*** Data under study ***
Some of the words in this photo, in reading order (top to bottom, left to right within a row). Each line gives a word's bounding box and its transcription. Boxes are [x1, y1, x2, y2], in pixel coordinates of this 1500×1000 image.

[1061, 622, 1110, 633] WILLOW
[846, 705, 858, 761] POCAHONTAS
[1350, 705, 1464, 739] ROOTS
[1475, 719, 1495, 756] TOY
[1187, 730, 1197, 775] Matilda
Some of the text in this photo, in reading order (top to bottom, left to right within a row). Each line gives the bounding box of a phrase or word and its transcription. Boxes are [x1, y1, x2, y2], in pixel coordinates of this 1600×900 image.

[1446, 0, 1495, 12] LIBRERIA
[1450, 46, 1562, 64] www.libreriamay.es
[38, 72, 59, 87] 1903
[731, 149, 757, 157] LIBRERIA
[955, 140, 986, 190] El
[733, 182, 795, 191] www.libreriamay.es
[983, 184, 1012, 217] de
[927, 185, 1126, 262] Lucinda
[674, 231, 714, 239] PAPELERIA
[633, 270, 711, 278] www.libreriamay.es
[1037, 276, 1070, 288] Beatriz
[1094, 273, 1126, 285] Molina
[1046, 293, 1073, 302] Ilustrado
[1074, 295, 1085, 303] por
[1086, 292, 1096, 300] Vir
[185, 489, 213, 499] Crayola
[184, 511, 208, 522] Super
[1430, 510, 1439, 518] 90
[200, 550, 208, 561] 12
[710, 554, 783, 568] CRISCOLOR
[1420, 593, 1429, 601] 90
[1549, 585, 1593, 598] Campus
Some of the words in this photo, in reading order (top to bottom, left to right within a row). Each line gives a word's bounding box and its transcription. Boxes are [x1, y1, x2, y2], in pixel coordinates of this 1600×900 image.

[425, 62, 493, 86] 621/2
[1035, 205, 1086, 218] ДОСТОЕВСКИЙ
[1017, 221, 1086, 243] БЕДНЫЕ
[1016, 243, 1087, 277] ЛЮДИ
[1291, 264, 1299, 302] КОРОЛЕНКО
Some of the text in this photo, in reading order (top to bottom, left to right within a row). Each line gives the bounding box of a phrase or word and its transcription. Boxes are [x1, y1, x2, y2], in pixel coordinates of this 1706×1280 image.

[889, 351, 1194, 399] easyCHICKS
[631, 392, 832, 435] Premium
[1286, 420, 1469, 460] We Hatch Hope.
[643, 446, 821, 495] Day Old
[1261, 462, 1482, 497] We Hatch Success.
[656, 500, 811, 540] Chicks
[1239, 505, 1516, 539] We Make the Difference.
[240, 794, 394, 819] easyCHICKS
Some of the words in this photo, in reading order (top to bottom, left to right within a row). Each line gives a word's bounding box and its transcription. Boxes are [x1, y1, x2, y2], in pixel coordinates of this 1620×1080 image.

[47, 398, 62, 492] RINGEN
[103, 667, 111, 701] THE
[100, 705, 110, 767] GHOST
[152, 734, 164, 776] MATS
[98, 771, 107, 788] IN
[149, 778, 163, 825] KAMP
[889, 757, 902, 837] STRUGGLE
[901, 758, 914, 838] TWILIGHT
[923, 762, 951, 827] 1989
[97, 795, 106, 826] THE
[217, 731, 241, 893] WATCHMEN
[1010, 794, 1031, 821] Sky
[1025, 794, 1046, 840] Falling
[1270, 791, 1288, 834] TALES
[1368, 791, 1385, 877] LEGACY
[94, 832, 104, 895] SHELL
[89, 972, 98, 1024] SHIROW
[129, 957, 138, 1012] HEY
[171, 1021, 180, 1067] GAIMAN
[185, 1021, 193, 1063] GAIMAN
***
Transcribe the records above exactly.

=== Reply ===
Some of the words in this photo, in reading order (top to bottom, left to right within a row). Each line gives a word's bounding box and its transcription. Boxes are [x1, y1, x2, y2], in pixel coordinates of this 1500×1000 image.

[1061, 622, 1110, 633] WILLOW
[846, 705, 858, 761] POCAHONTAS
[1350, 705, 1464, 739] ROOTS
[1475, 719, 1495, 756] TOY
[1187, 730, 1197, 775] Matilda
Some of the text in this photo, in reading order (top to bottom, left to right within a row). Each line gives the bounding box of a phrase or word and its transcription. Boxes are [x1, y1, x2, y2], in pixel coordinates of this 1600×900 image.

[1446, 0, 1495, 12] LIBRERIA
[1450, 46, 1562, 64] www.libreriamay.es
[38, 72, 59, 87] 1903
[731, 149, 757, 157] LIBRERIA
[955, 140, 986, 190] El
[733, 182, 795, 191] www.libreriamay.es
[983, 184, 1012, 217] de
[927, 185, 1126, 262] Lucinda
[674, 231, 714, 239] PAPELERIA
[633, 270, 711, 278] www.libreriamay.es
[1037, 276, 1070, 288] Beatriz
[1094, 273, 1126, 285] Molina
[1046, 293, 1073, 302] Ilustrado
[1074, 295, 1085, 303] por
[1086, 292, 1096, 300] Vir
[185, 489, 213, 499] Crayola
[184, 511, 208, 522] Super
[1430, 510, 1439, 518] 90
[200, 550, 208, 561] 12
[710, 554, 783, 568] CRISCOLOR
[1420, 593, 1429, 601] 90
[1549, 585, 1593, 598] Campus
Some of the words in this photo, in reading order (top to bottom, left to right within a row). Each line gives a word's bounding box and its transcription. Boxes are [x1, y1, x2, y2], in pixel coordinates of this 1600×900 image.

[425, 62, 493, 86] 621/2
[1035, 205, 1086, 218] ДОСТОЕВСКИЙ
[1017, 221, 1086, 243] БЕДНЫЕ
[1016, 243, 1087, 277] ЛЮДИ
[1291, 264, 1299, 302] КОРОЛЕНКО
Some of the text in this photo, in reading order (top to bottom, left to right within a row). Each line gives the bounding box of a phrase or word and its transcription. Boxes are [x1, y1, x2, y2], in pixel coordinates of this 1706×1280 image.

[889, 351, 1194, 399] easyCHICKS
[631, 392, 832, 435] Premium
[1286, 420, 1469, 460] We Hatch Hope.
[643, 446, 821, 495] Day Old
[1261, 462, 1482, 497] We Hatch Success.
[656, 500, 811, 540] Chicks
[1239, 505, 1516, 539] We Make the Difference.
[240, 794, 394, 819] easyCHICKS
Some of the words in this photo, in reading order (top to bottom, left to right within a row). Each line gives a word's bounding box and its transcription. Boxes are [x1, y1, x2, y2], in pixel coordinates of this 1620×1080 image.

[47, 398, 62, 492] RINGEN
[103, 667, 111, 701] THE
[100, 705, 110, 767] GHOST
[152, 734, 164, 776] MATS
[98, 771, 107, 788] IN
[149, 778, 163, 825] KAMP
[889, 757, 902, 837] STRUGGLE
[901, 758, 914, 838] TWILIGHT
[923, 762, 951, 827] 1989
[97, 795, 106, 826] THE
[217, 731, 241, 893] WATCHMEN
[1010, 794, 1031, 821] Sky
[1025, 794, 1046, 840] Falling
[1270, 791, 1288, 834] TALES
[1368, 791, 1385, 877] LEGACY
[94, 832, 104, 895] SHELL
[89, 972, 98, 1024] SHIROW
[129, 957, 138, 1012] HEY
[171, 1021, 180, 1067] GAIMAN
[185, 1021, 193, 1063] GAIMAN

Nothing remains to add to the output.